The records below are to be copied exactly, with their pictures left out.
*** Extracted material
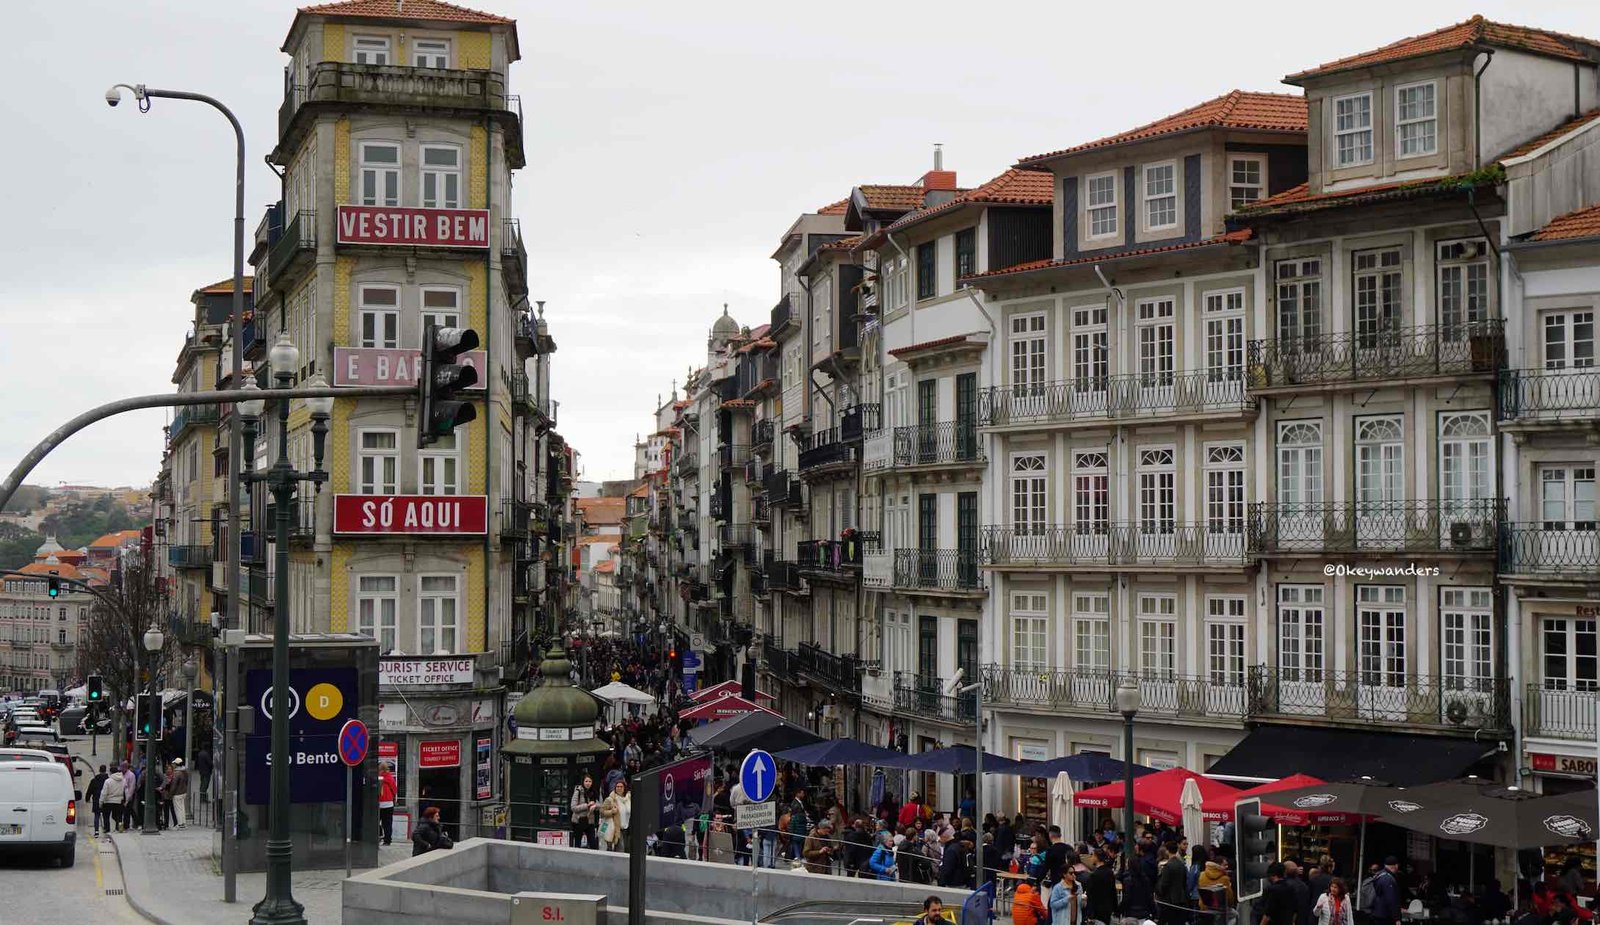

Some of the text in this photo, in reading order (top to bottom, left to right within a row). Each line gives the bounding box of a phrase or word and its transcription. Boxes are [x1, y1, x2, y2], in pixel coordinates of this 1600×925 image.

[341, 211, 485, 241] VESTIR BEM
[348, 355, 359, 380] E
[362, 497, 460, 528] SÓ AQUI
[378, 660, 470, 673] OURIST SERVICE
[388, 674, 454, 684] TICKET OFFICE
[320, 695, 329, 708] D
[296, 752, 338, 765] Bento
[542, 906, 565, 921] S.I.
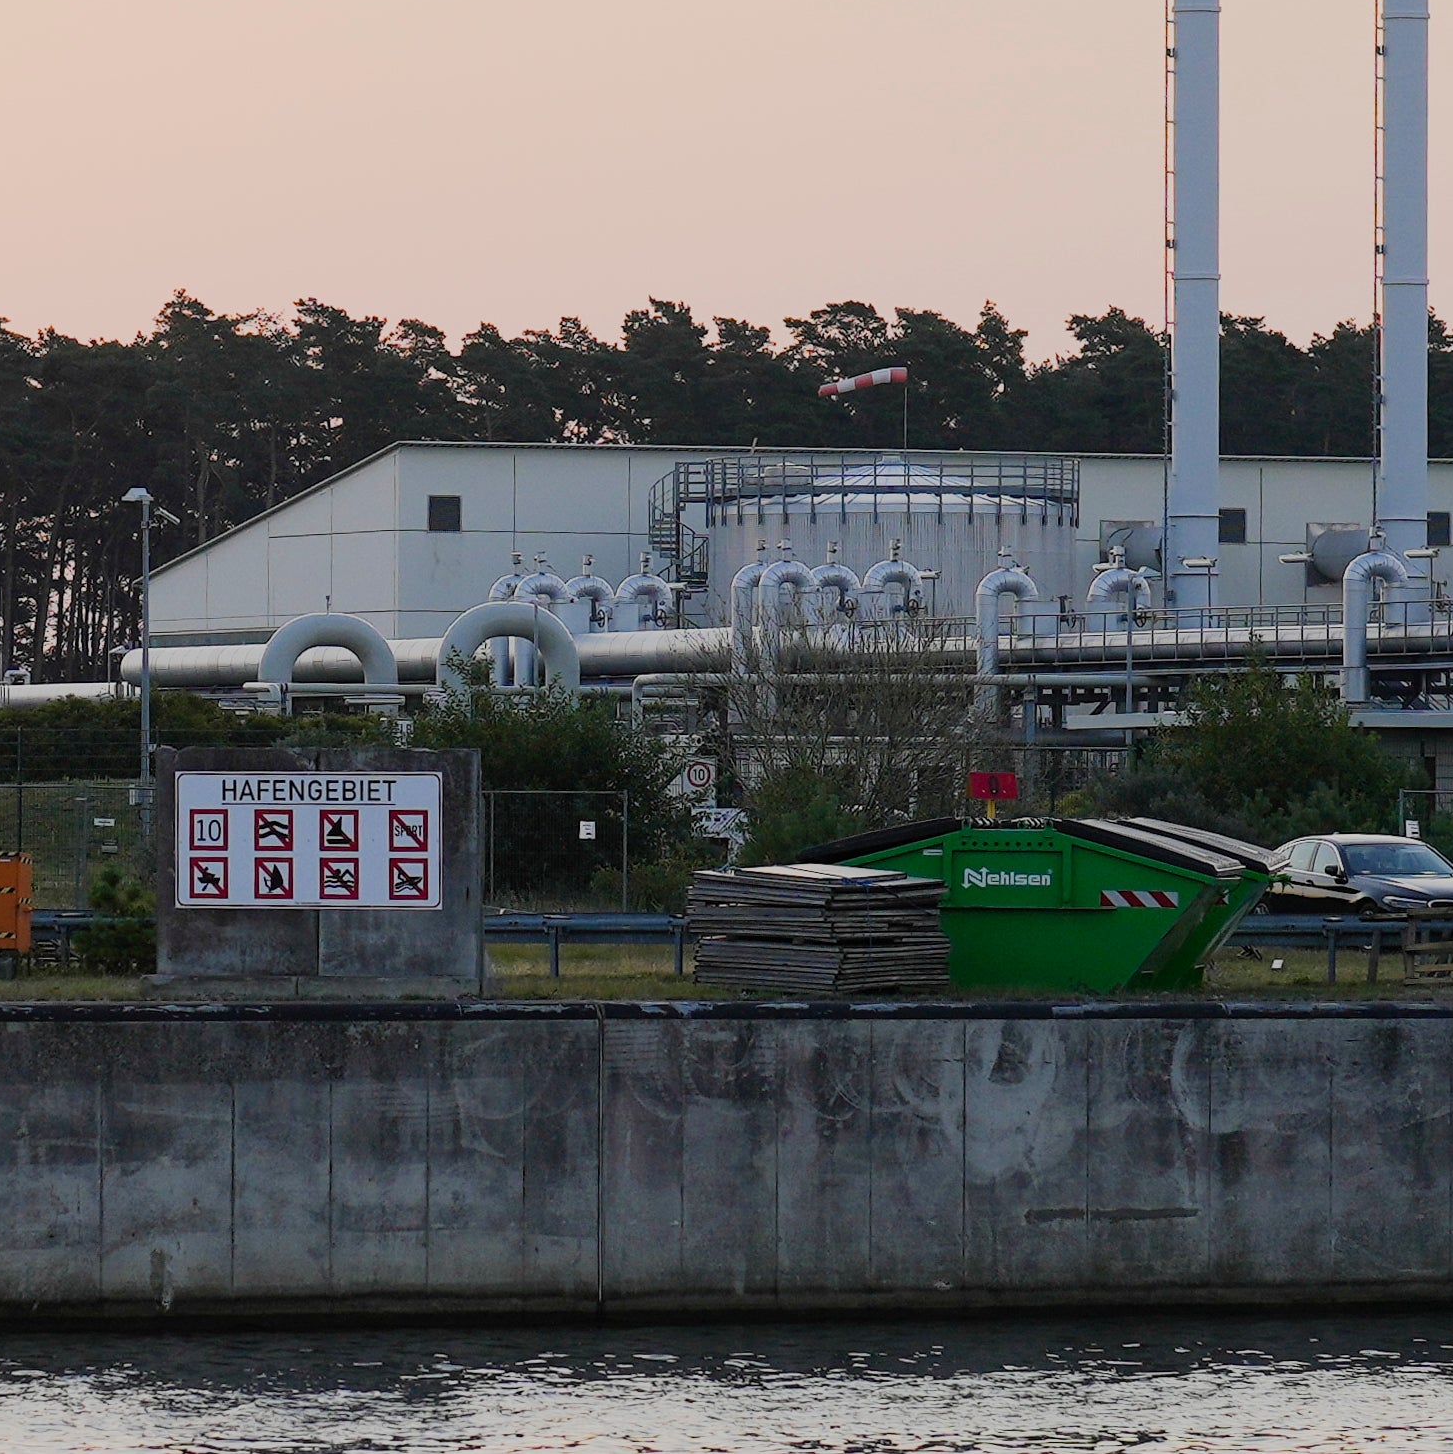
******
[Task answer]:
Some of the text in this photo, in reading order (top to bottom, left to right within a row). Each line gives the bounding box of a phrase or word and its transcription. Boxes are [x1, y1, x2, y2], in pixel coordinates of this 1600×925 image.

[341, 211, 485, 241] VESTIR BEM
[348, 355, 359, 380] E
[362, 497, 460, 528] SÓ AQUI
[378, 660, 470, 673] OURIST SERVICE
[388, 674, 454, 684] TICKET OFFICE
[320, 695, 329, 708] D
[296, 752, 338, 765] Bento
[542, 906, 565, 921] S.I.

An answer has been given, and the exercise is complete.